■ **Exercise**
The records below must be retyped exactly.

■ **Records to process**
Segment Open

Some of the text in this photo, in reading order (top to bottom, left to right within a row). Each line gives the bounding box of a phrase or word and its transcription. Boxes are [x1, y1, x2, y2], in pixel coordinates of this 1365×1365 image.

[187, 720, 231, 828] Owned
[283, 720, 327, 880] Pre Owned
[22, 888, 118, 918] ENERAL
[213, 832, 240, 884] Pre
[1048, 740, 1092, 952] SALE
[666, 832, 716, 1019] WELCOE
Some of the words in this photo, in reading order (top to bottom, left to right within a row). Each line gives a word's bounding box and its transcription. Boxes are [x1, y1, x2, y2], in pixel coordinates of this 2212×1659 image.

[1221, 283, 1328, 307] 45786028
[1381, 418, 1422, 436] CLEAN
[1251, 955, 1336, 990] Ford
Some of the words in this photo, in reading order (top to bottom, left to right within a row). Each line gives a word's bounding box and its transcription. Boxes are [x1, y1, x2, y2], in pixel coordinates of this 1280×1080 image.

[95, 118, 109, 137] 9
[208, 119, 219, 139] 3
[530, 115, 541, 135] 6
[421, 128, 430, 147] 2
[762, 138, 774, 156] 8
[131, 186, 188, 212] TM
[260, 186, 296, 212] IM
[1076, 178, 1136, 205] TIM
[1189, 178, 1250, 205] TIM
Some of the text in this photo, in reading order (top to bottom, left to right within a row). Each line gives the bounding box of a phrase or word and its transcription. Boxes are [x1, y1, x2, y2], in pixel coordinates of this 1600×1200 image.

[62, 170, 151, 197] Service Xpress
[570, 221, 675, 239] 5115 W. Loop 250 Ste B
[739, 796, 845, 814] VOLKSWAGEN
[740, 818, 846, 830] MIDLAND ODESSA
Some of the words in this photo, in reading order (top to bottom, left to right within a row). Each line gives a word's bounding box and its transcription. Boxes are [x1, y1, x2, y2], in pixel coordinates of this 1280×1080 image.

Segment Closed

■ **Reply to the exercise**
Some of the text in this photo, in reading order (top to bottom, left to right within a row). Each line gives the bounding box of a phrase or word and its transcription. Boxes are [x1, y1, x2, y2], in pixel coordinates of this 1365×1365 image.

[187, 720, 231, 828] Owned
[283, 720, 327, 880] Pre Owned
[22, 888, 118, 918] ENERAL
[213, 832, 240, 884] Pre
[1048, 740, 1092, 952] SALE
[666, 832, 716, 1019] WELCOE
Some of the words in this photo, in reading order (top to bottom, left to right within a row). Each line gives a word's bounding box and its transcription. Boxes are [x1, y1, x2, y2], in pixel coordinates of this 2212×1659 image.

[1221, 283, 1328, 307] 45786028
[1381, 418, 1422, 436] CLEAN
[1251, 955, 1336, 990] Ford
Some of the words in this photo, in reading order (top to bottom, left to right within a row). Each line gives a word's bounding box and its transcription. Boxes are [x1, y1, x2, y2], in pixel coordinates of this 1280×1080 image.

[95, 118, 109, 137] 9
[208, 119, 219, 139] 3
[530, 115, 541, 135] 6
[421, 128, 430, 147] 2
[762, 138, 774, 156] 8
[131, 186, 188, 212] TM
[260, 186, 296, 212] IM
[1076, 178, 1136, 205] TIM
[1189, 178, 1250, 205] TIM
Some of the text in this photo, in reading order (top to bottom, left to right within a row). Each line gives the bounding box of a phrase or word and its transcription. Boxes are [x1, y1, x2, y2], in pixel coordinates of this 1600×1200 image.

[62, 170, 151, 197] Service Xpress
[570, 221, 675, 239] 5115 W. Loop 250 Ste B
[739, 796, 845, 814] VOLKSWAGEN
[740, 818, 846, 830] MIDLAND ODESSA
Some of the words in this photo, in reading order (top to bottom, left to right within a row). Each line gives a word's bounding box and its transcription. Boxes are [x1, y1, x2, y2], in pixel coordinates of this 1280×1080 image.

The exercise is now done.